All embryo transfer procedures are performed under ultrasound guidance using soft embryo transfer catheters. In the control group, embryo loading and transfer are conducted manually following routine practice. In the intervention groups, transfer is supported by one or both of the following devices: Embryocase, a thermally insulated case designed to stabilize environmental conditions during transport of the embryo-loaded catheter, and Embryopass, an electronically controlled applicator that standardizes precise embryo aspiration and expulsion speed, optimal fluid volume, programmed injection time, eliminates pressure fluctuations and plunger backflow, prevents embryo re-aspiration and detects transfer catherer oclusion. Embryo loading follows a predefined sequence, and the duration is recorded. In groups using Embryopass, embryo loading and expulsion is performed according to device instructions, ensuring reproducible, operator-independent transfer. After transfer, the catheter is examined microscopically to confirm complete embryo release. Repeat transfer is permitted if necessary according to routine practice. Patients leave the procedure room immediately after transfer without post-procedure immobilization.

Procedural data related to embryo warming, loading, transfer conditions, and any deviations from the planned procedure are recorded in an electronic case report form (eCRF). Study data are collected and managed in compliance with applicable data protection regulations. Safety monitoring includes systematic collection of adverse events (AEs) and serious adverse events (SAEs). Emergency unblinding for an individual participant is permitted if clinically indicated, particularly in the event of an AE or SAE potentially related to the investigational devices.

The study's primary endpoints are biochemical pregnancy (serum β-hCG ≥5.3 mIU/ml measured 10-15 days after transfer) and clinical pregnancy (presence of a gestational sac on transvaginal ultrasound 25-35 days after transfer). Secondary endpoints include implantation rate, live birth rate, device-related adverse events, and usability scores from embryologists and physicians. Usability assessments capture ease of use, workflow integration, and overall satisfaction with the devices.

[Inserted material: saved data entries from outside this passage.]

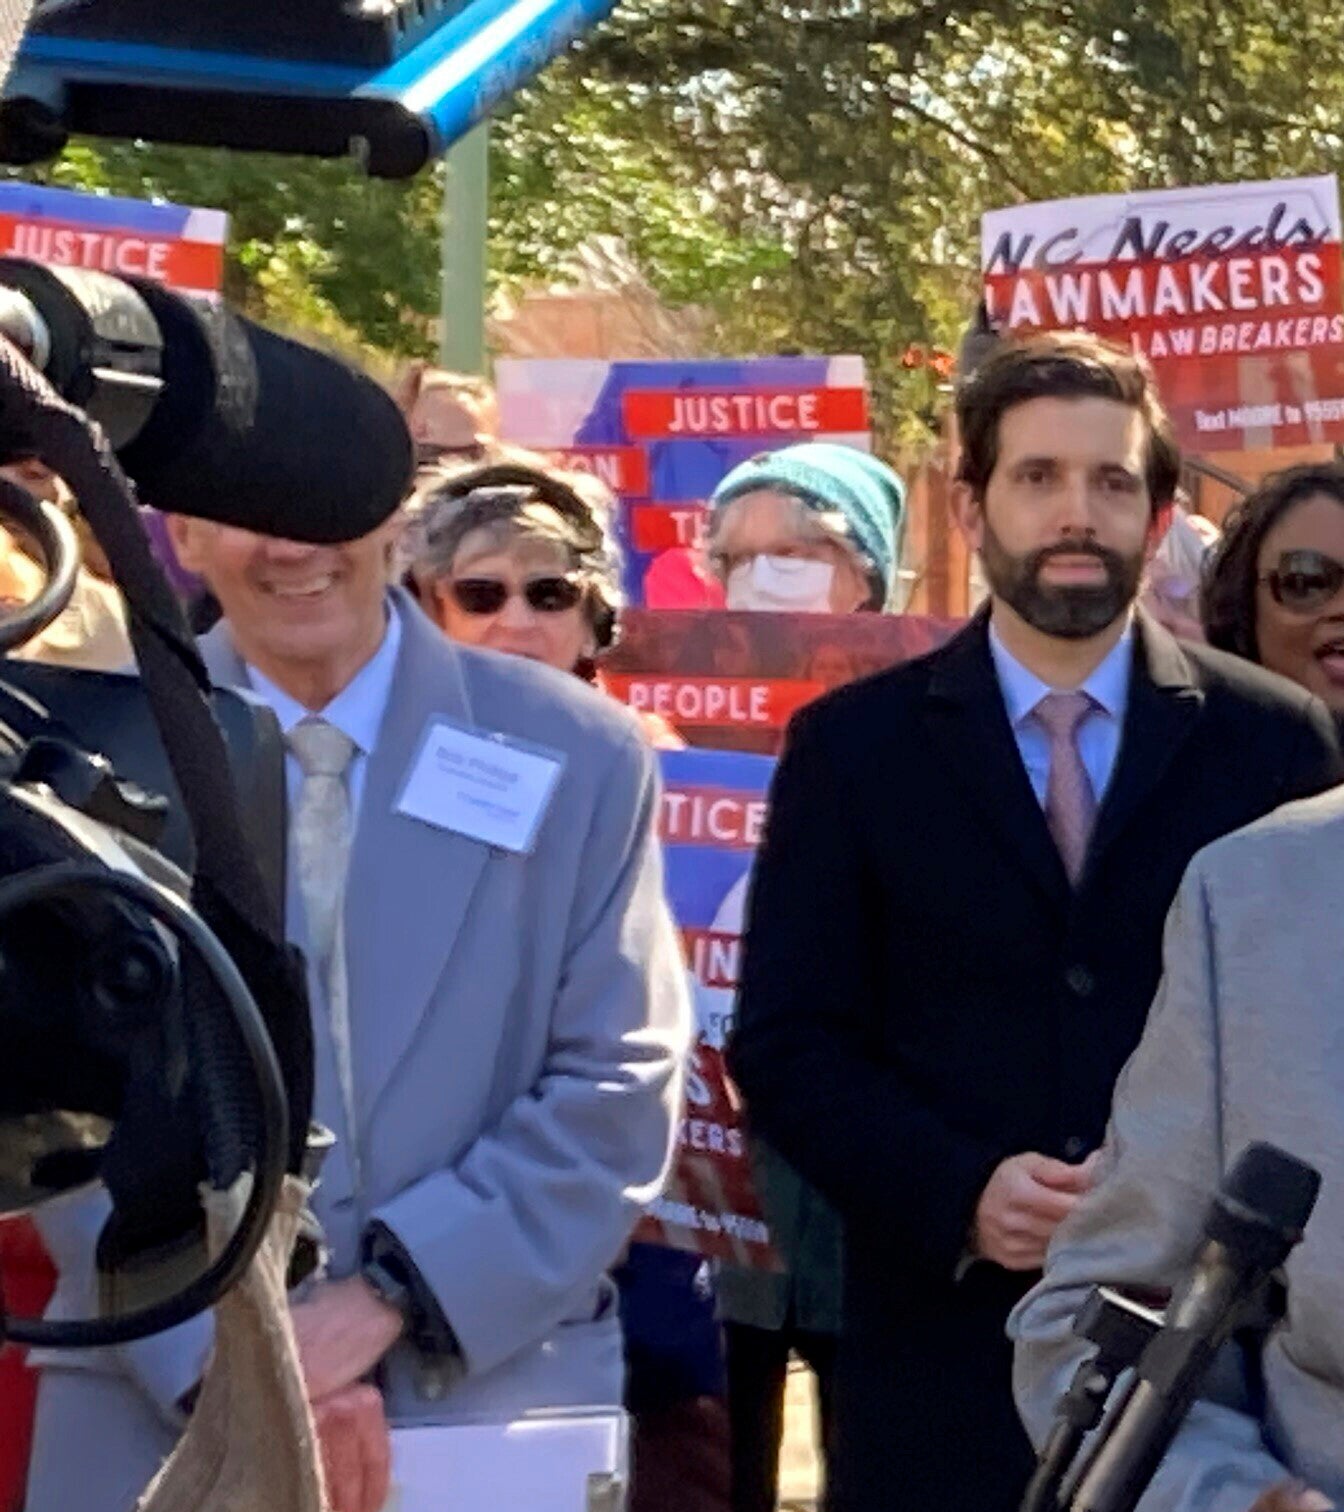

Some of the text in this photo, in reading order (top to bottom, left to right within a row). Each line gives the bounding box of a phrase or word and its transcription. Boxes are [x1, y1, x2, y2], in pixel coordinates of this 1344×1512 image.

[5, 222, 173, 281] JUSTICE
[988, 201, 1331, 276] NC Needs
[985, 252, 1325, 329] LAWMAKERS
[668, 394, 820, 432] JUSTICE
[628, 682, 770, 721] PEOPLE
[663, 792, 767, 844] TICE

Pregnancy assessment includes biochemical pregnancy testing followed by confirmation of clinical pregnancy by ultrasound. Participants may continue pregnancy follow-up either at the study center or at another medical facility, provided relevant medical documentation is available to the investigators. Information on pregnancy outcomes, including delivery, pregnancy loss, or ectopic pregnancy, is collected using a structured questionnaire until the end of pregnancy.

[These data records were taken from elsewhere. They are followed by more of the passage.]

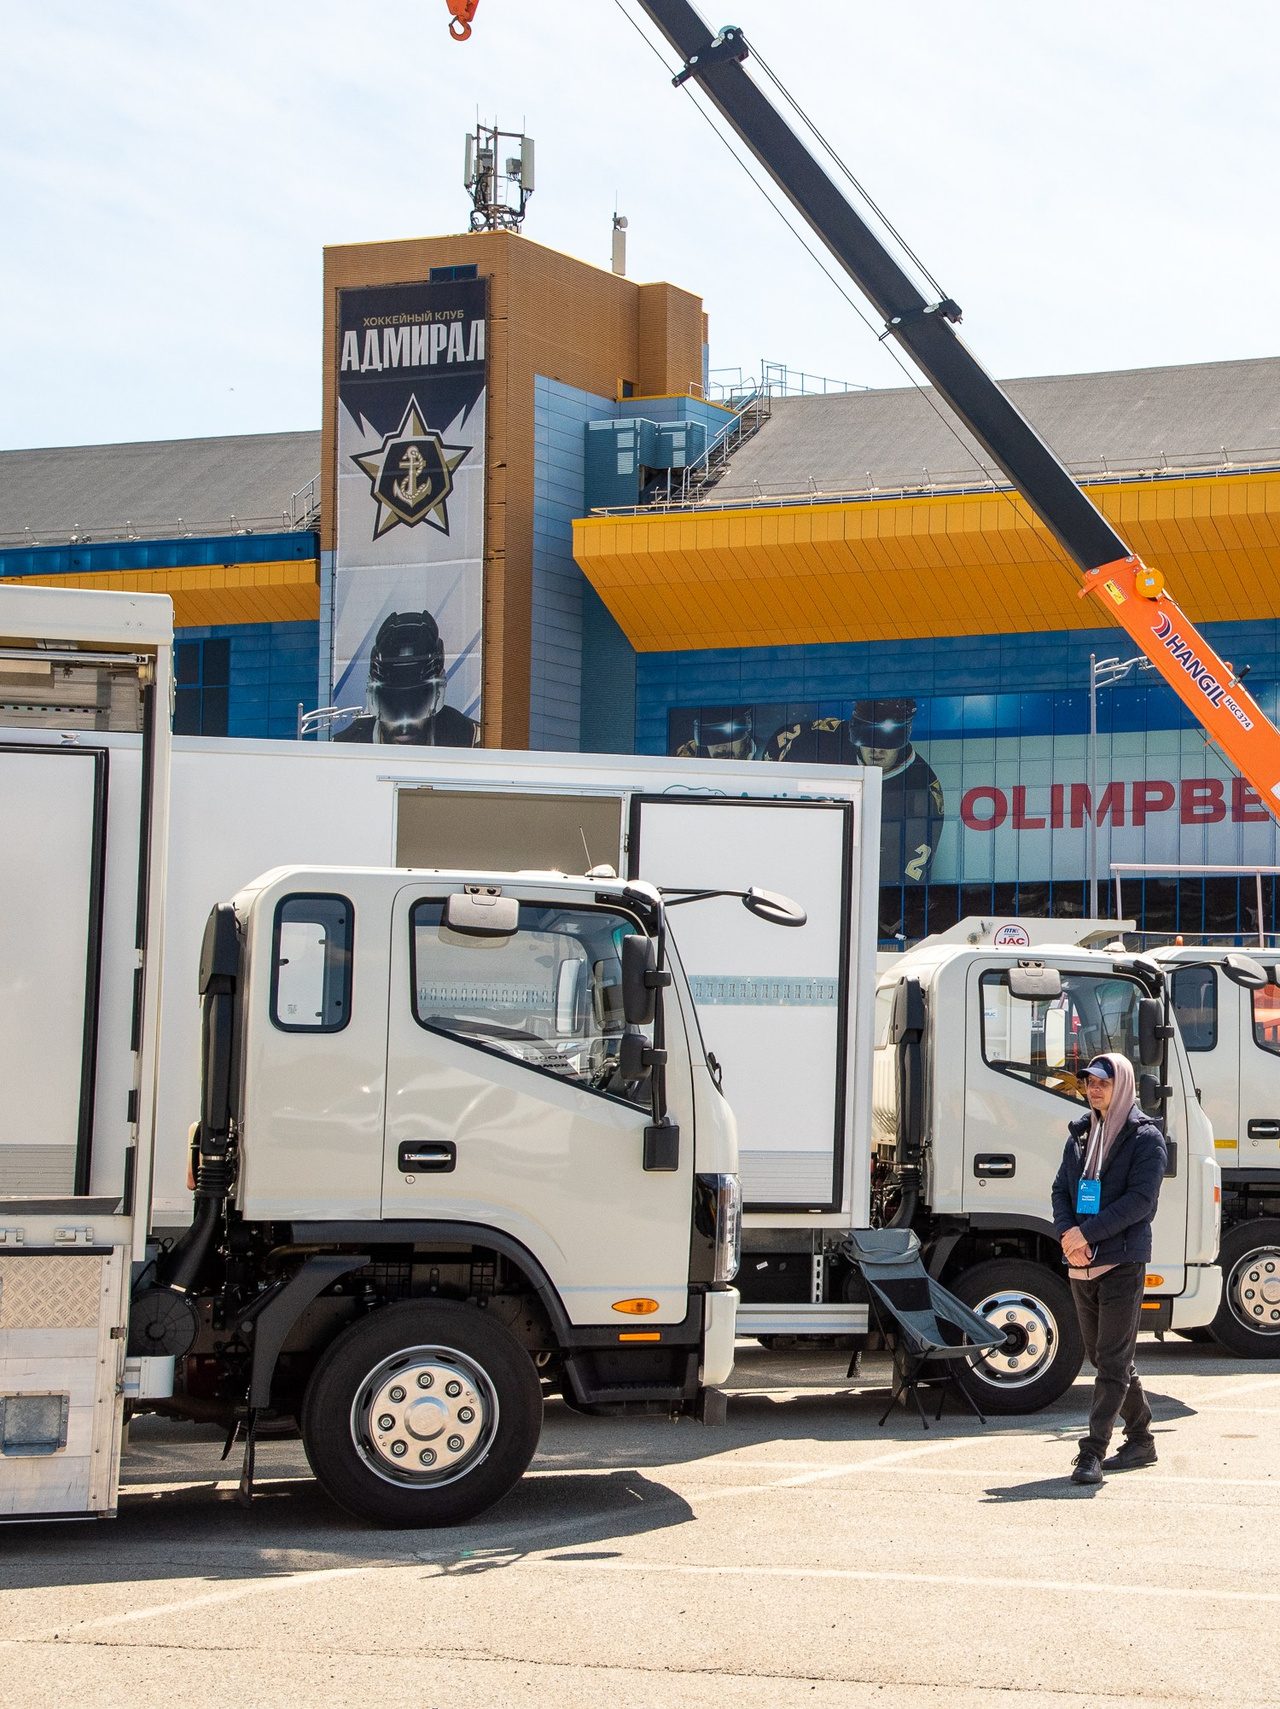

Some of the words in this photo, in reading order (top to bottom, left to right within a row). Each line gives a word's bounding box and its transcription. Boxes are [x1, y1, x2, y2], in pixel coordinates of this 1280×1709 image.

[363, 311, 432, 326] ХОККЕЙНЫЙ
[435, 309, 465, 321] КЛУБ
[340, 319, 486, 373] АДМИРАЛ
[1164, 633, 1224, 709] HANGIL
[1224, 697, 1252, 728] HGC374
[960, 777, 1270, 831] OLIMPBE
[998, 937, 1026, 946] JAC

Statistical analyses include chi-square tests for categorical outcomes (pregnancy and implantation rates) and t-tests for continuous variables (e.g., embryo loading time or device-related procedural metrics). Statistical significance is defined as p < 0.05. The sample size of 160 participants provides 80% power to detect a 15% absolute increase in clinical pregnancy rate in the combined device arm compared with the control arm. Analyses are conducted on an intention-to-treat basis, with sensitivity analyses performed to evaluate robustness.

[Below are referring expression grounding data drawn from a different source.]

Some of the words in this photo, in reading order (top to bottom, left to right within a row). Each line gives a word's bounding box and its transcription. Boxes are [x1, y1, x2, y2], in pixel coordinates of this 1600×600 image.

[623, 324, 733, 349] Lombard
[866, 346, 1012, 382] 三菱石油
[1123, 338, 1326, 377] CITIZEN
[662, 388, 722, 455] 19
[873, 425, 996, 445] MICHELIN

Data management complies with the General Data Protection Regulation and local ethics committee requirements. All participant data are de-identified and stored securely. Only authorized study personnel have access, and standard confidentiality procedures are maintained. The study received approval from the institutional ethics board prior to initiation, and all participants provide written informed consent.

The EFECT study is expected to provide important evidence regarding the impact of procedural standardization on embryo transfer outcomes. By evaluating the combined effects of AI-supported embryo selection, elimination of human factor (embryologist and physician), controlled embryo loading and expulsion, as well as temperature stabilization, the study aims to determine whether these innovations can meaningfully improve pregnancy rates in medically assisted reproduction. If successful, the findings may support broader adoption of standardized embryo transfer protocols and device-assisted techniques in fertility clinics, potentially improving outcomes for patients undergoing frozen embryo transfer.